* **Records supplied**

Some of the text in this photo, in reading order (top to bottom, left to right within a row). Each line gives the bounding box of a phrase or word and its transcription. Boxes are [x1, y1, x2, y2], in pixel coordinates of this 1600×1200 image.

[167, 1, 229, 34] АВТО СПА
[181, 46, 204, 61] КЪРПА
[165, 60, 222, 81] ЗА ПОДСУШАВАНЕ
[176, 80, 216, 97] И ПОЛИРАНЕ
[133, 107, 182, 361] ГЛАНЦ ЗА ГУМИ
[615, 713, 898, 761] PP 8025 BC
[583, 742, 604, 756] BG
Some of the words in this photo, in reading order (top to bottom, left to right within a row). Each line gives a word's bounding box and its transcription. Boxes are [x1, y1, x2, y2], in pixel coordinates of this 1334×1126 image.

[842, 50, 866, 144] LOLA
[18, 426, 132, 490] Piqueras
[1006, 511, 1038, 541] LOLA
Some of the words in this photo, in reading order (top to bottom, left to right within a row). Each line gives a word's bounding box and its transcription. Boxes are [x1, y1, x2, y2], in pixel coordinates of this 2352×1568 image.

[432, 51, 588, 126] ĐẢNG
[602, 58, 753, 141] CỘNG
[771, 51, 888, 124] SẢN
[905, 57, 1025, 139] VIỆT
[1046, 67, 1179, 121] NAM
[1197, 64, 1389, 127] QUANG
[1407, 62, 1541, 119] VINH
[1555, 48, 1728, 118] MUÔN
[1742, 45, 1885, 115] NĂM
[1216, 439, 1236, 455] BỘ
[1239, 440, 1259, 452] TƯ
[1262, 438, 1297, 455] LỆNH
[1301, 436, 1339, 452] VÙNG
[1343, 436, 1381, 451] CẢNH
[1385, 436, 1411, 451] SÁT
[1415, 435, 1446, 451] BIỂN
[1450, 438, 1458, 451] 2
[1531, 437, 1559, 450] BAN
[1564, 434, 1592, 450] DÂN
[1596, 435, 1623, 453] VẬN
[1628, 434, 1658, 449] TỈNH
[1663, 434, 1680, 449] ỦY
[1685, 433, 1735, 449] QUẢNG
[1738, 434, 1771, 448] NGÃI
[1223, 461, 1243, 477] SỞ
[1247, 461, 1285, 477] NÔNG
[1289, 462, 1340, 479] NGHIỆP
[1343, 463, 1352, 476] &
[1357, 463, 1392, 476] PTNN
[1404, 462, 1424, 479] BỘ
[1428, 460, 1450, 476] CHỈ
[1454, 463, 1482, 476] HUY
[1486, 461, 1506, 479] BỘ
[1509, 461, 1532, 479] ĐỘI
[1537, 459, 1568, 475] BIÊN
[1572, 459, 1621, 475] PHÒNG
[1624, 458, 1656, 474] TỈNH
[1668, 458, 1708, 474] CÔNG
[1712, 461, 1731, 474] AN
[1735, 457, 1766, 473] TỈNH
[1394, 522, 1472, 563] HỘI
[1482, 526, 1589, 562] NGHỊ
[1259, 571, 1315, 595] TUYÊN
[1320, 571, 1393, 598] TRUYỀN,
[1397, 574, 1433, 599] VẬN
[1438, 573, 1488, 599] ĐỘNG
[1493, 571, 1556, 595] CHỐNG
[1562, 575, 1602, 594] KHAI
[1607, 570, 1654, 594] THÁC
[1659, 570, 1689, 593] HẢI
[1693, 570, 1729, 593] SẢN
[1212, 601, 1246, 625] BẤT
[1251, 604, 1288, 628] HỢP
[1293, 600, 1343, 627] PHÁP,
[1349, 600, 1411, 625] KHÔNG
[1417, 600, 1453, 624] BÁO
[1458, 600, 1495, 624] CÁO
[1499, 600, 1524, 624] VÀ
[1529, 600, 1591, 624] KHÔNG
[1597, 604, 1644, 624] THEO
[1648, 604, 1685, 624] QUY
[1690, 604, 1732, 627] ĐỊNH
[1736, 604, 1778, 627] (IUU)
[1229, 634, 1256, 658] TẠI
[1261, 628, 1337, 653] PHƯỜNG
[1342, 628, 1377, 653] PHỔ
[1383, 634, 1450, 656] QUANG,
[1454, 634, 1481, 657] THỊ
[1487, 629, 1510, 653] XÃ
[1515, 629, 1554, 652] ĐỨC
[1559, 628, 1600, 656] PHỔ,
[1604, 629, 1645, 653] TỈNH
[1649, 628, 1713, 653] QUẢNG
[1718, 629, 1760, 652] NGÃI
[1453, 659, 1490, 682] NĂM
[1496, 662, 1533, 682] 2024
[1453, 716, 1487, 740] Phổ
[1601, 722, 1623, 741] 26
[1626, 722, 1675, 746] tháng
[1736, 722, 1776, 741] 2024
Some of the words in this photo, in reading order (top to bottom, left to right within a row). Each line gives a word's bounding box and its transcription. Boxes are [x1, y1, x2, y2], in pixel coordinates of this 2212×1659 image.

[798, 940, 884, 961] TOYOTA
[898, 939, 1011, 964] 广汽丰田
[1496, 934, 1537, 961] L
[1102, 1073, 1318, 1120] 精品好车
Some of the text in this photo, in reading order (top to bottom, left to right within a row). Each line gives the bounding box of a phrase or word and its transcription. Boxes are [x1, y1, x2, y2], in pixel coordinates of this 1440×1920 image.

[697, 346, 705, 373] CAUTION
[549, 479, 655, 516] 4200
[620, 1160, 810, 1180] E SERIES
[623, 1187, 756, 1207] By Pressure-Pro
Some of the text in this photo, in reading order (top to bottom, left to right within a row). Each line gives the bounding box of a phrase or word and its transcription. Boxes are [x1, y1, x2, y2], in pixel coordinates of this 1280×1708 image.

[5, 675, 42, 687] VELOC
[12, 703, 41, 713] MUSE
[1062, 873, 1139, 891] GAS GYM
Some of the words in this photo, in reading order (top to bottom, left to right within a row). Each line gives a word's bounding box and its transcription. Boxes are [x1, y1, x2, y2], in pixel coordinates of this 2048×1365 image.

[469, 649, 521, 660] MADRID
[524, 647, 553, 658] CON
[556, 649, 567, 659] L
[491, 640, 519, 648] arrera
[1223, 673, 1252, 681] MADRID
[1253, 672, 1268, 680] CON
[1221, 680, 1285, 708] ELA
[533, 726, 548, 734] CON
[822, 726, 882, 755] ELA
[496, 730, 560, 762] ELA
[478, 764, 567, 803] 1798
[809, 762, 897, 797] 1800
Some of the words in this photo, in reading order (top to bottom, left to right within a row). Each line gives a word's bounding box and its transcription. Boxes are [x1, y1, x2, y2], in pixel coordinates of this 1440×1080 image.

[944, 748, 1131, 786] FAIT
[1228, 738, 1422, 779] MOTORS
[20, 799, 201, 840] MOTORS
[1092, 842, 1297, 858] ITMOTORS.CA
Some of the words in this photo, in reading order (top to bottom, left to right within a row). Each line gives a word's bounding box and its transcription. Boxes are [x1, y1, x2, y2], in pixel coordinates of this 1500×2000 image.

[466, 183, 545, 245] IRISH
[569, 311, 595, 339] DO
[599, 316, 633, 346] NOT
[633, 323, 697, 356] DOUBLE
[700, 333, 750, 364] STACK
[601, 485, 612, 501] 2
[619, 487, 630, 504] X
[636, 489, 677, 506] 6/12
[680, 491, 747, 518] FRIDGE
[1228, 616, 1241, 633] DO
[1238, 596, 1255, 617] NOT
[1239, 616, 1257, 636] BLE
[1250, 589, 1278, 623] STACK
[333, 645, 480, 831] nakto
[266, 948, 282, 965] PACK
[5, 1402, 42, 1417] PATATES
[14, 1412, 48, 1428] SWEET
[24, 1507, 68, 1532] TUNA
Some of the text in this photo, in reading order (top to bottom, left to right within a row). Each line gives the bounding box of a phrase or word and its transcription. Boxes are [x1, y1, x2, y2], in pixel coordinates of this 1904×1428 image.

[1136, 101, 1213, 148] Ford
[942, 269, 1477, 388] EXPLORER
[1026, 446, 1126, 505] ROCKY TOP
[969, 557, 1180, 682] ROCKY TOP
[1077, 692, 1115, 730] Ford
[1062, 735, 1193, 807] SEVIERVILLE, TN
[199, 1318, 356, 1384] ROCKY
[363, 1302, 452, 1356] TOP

* **Problem to solve**
What is needed is an exact copy of the lines from the one holding "this 1500×2000 image." through the final line of the material.

* **Your response**
Some of the words in this photo, in reading order (top to bottom, left to right within a row). Each line gives a word's bounding box and its transcription. Boxes are [x1, y1, x2, y2], in pixel coordinates of this 1500×2000 image.

[466, 183, 545, 245] IRISH
[569, 311, 595, 339] DO
[599, 316, 633, 346] NOT
[633, 323, 697, 356] DOUBLE
[700, 333, 750, 364] STACK
[601, 485, 612, 501] 2
[619, 487, 630, 504] X
[636, 489, 677, 506] 6/12
[680, 491, 747, 518] FRIDGE
[1228, 616, 1241, 633] DO
[1238, 596, 1255, 617] NOT
[1239, 616, 1257, 636] BLE
[1250, 589, 1278, 623] STACK
[333, 645, 480, 831] nakto
[266, 948, 282, 965] PACK
[5, 1402, 42, 1417] PATATES
[14, 1412, 48, 1428] SWEET
[24, 1507, 68, 1532] TUNA
Some of the text in this photo, in reading order (top to bottom, left to right within a row). Each line gives the bounding box of a phrase or word and its transcription. Boxes are [x1, y1, x2, y2], in pixel coordinates of this 1904×1428 image.

[1136, 101, 1213, 148] Ford
[942, 269, 1477, 388] EXPLORER
[1026, 446, 1126, 505] ROCKY TOP
[969, 557, 1180, 682] ROCKY TOP
[1077, 692, 1115, 730] Ford
[1062, 735, 1193, 807] SEVIERVILLE, TN
[199, 1318, 356, 1384] ROCKY
[363, 1302, 452, 1356] TOP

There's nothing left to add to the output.